= David Broke =

English judge and Member of Parliament

David Brook (c. 1498–1560) (also Brooke or Broke) was an English judge and Member of Parliament.

==Life==

He was of a West country family living at Glastonbury, Somerset. His father, John Brook, was also a lawyer and serjeant-at-law; he died in 1525, and was buried in the church of St. Mary Redcliffe, Bristol, having been principal seneschal of the neighbouring monastery. David was appointed reader at the Inner Temple in the autumn of 1534, and again in Lent term 1540, when he was also treasurer, and in 1541 he became governor. He was recorder of Bristol (1541–1549) and M.P. for the city (1542–1544).

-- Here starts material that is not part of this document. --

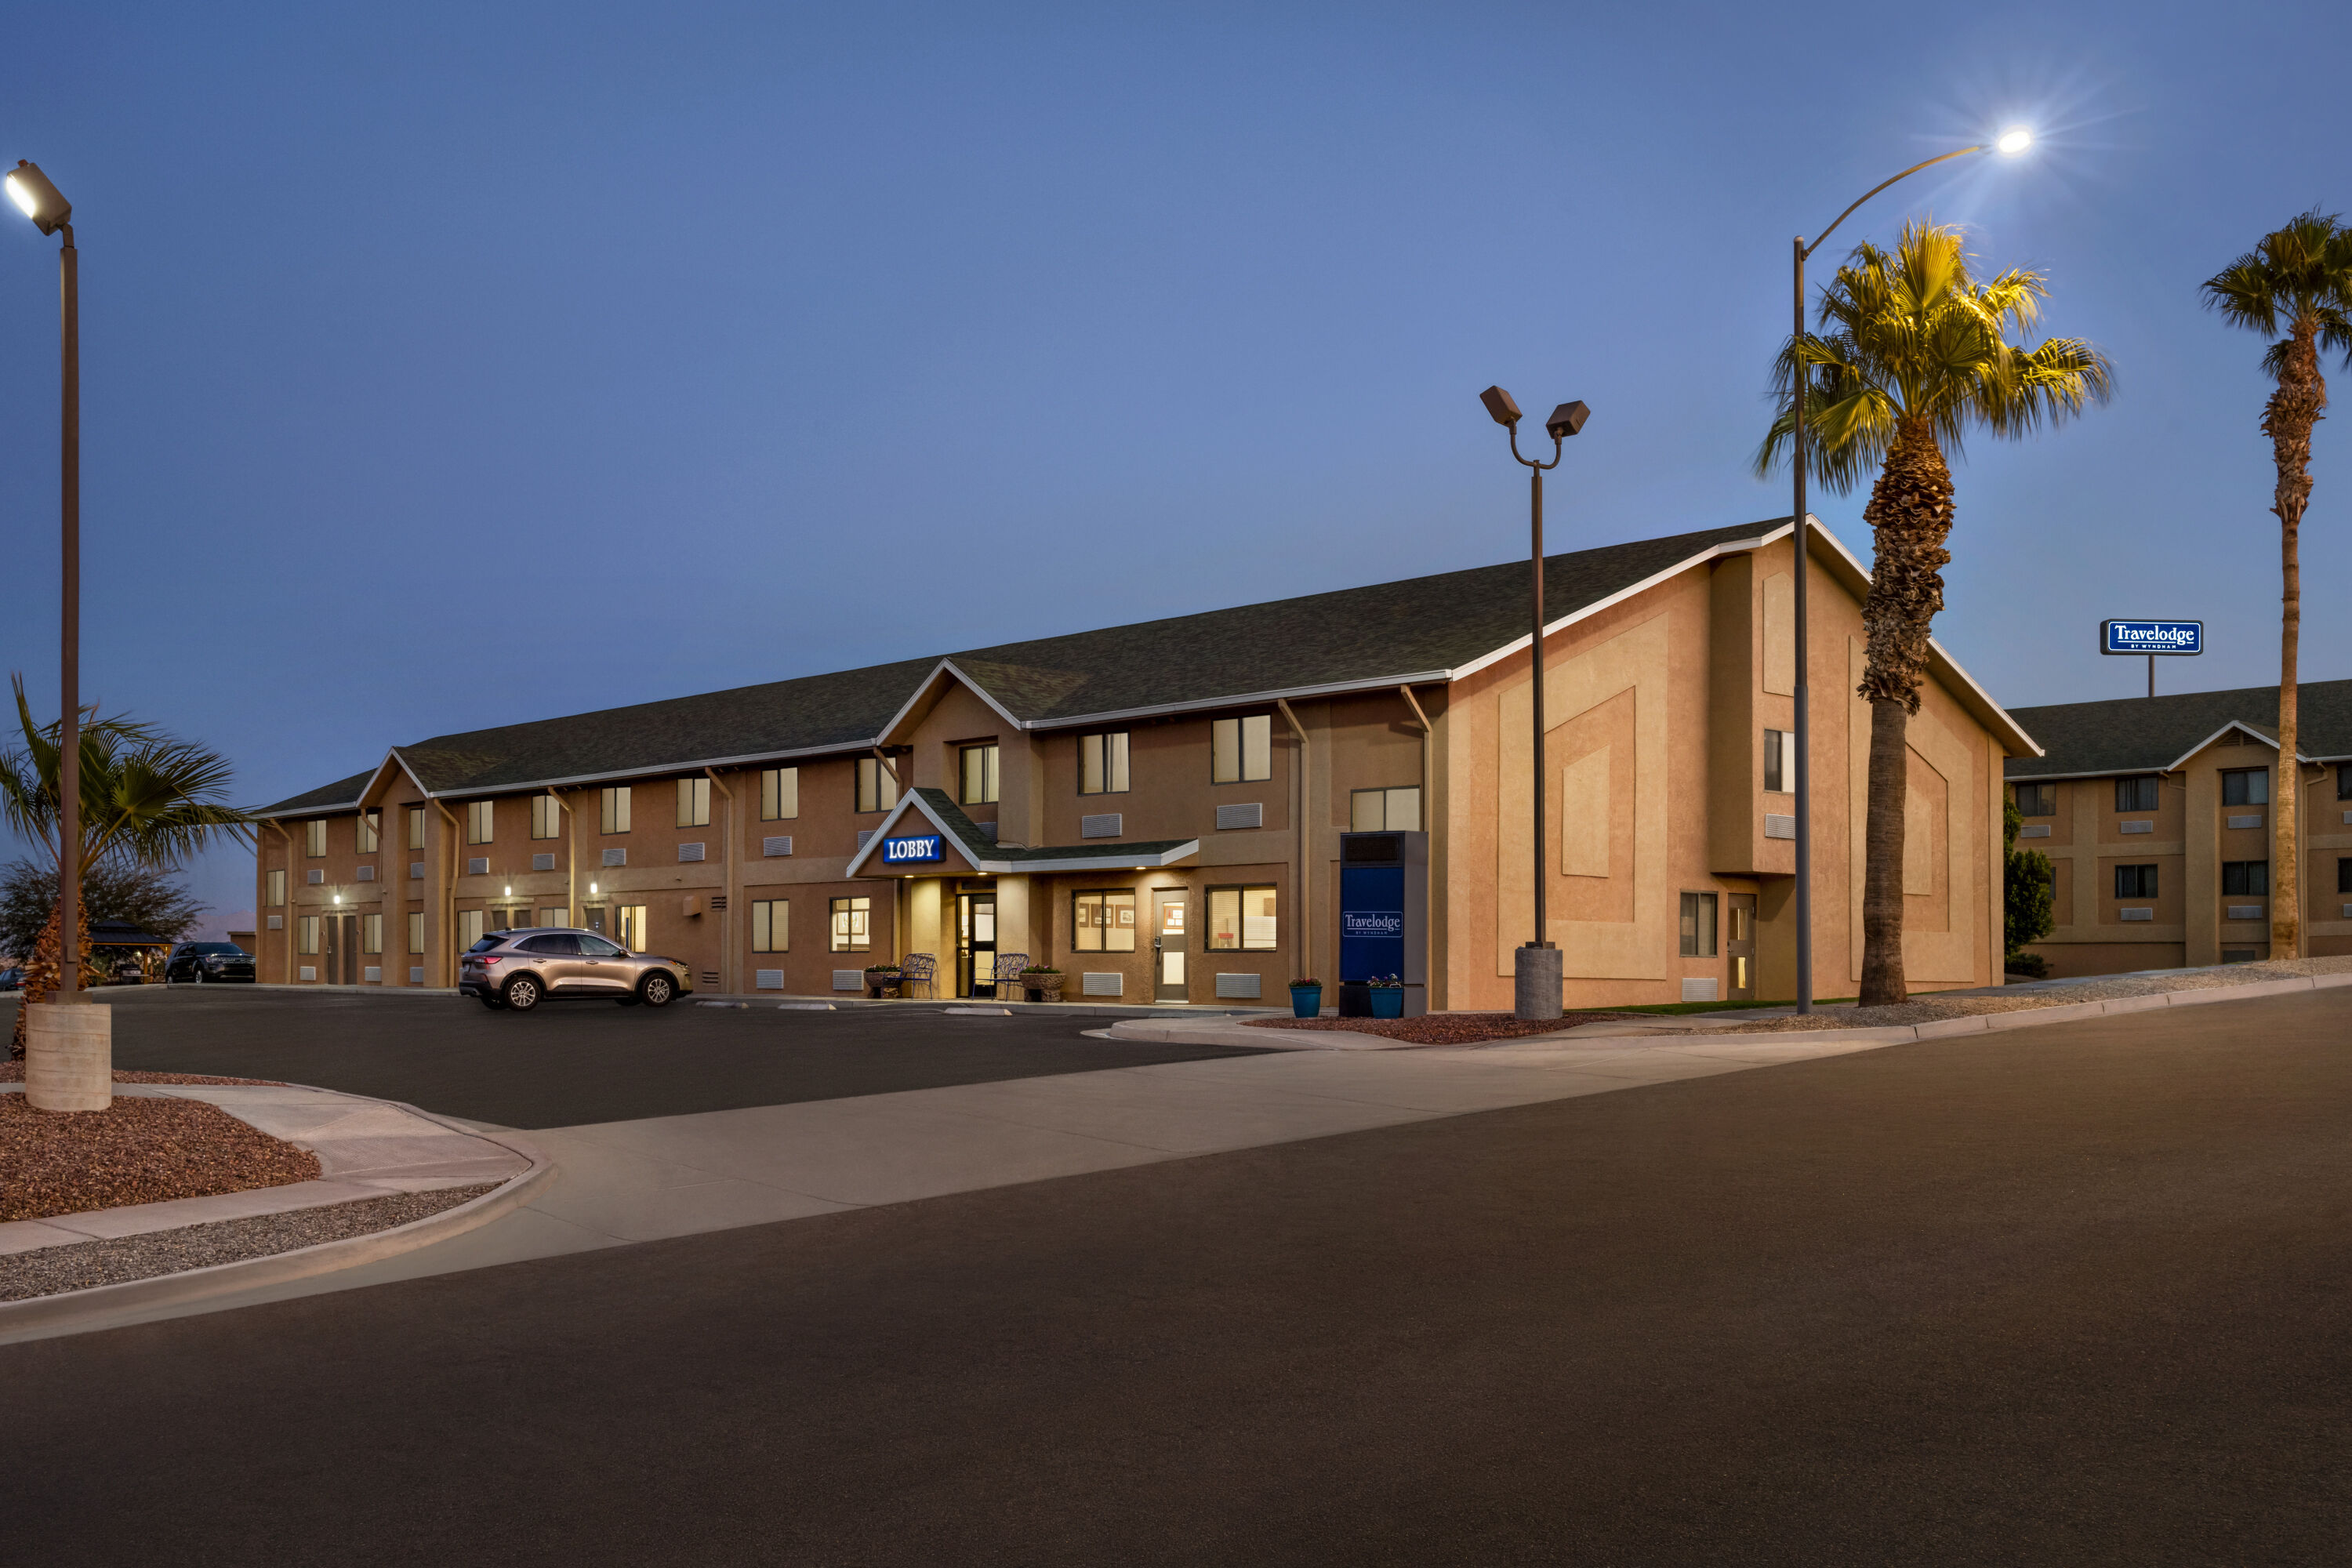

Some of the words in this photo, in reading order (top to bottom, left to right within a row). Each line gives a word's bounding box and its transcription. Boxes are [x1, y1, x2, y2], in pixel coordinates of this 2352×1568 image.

[2114, 625, 2194, 645] Travelodge
[889, 839, 935, 859] LOBBY
[1345, 913, 1400, 931] Travelodge

On 3 February 1547, the first week of Edward VI's reign, he received the coif, the degree of serjeant-at-law having been bestowed on him as one of the last acts of Henry VIII. On 25 November 1551 he was appointed king's serjeant, and when, two years later (1 September 1553), Sir Henry Bradshaw was removed, he succeeded him as lord chief baron of the exchequer. On 2 October, the day after Queen Mary's coronation, Brook and others, according to Henry Machyn, were dubbed knights of the carpet.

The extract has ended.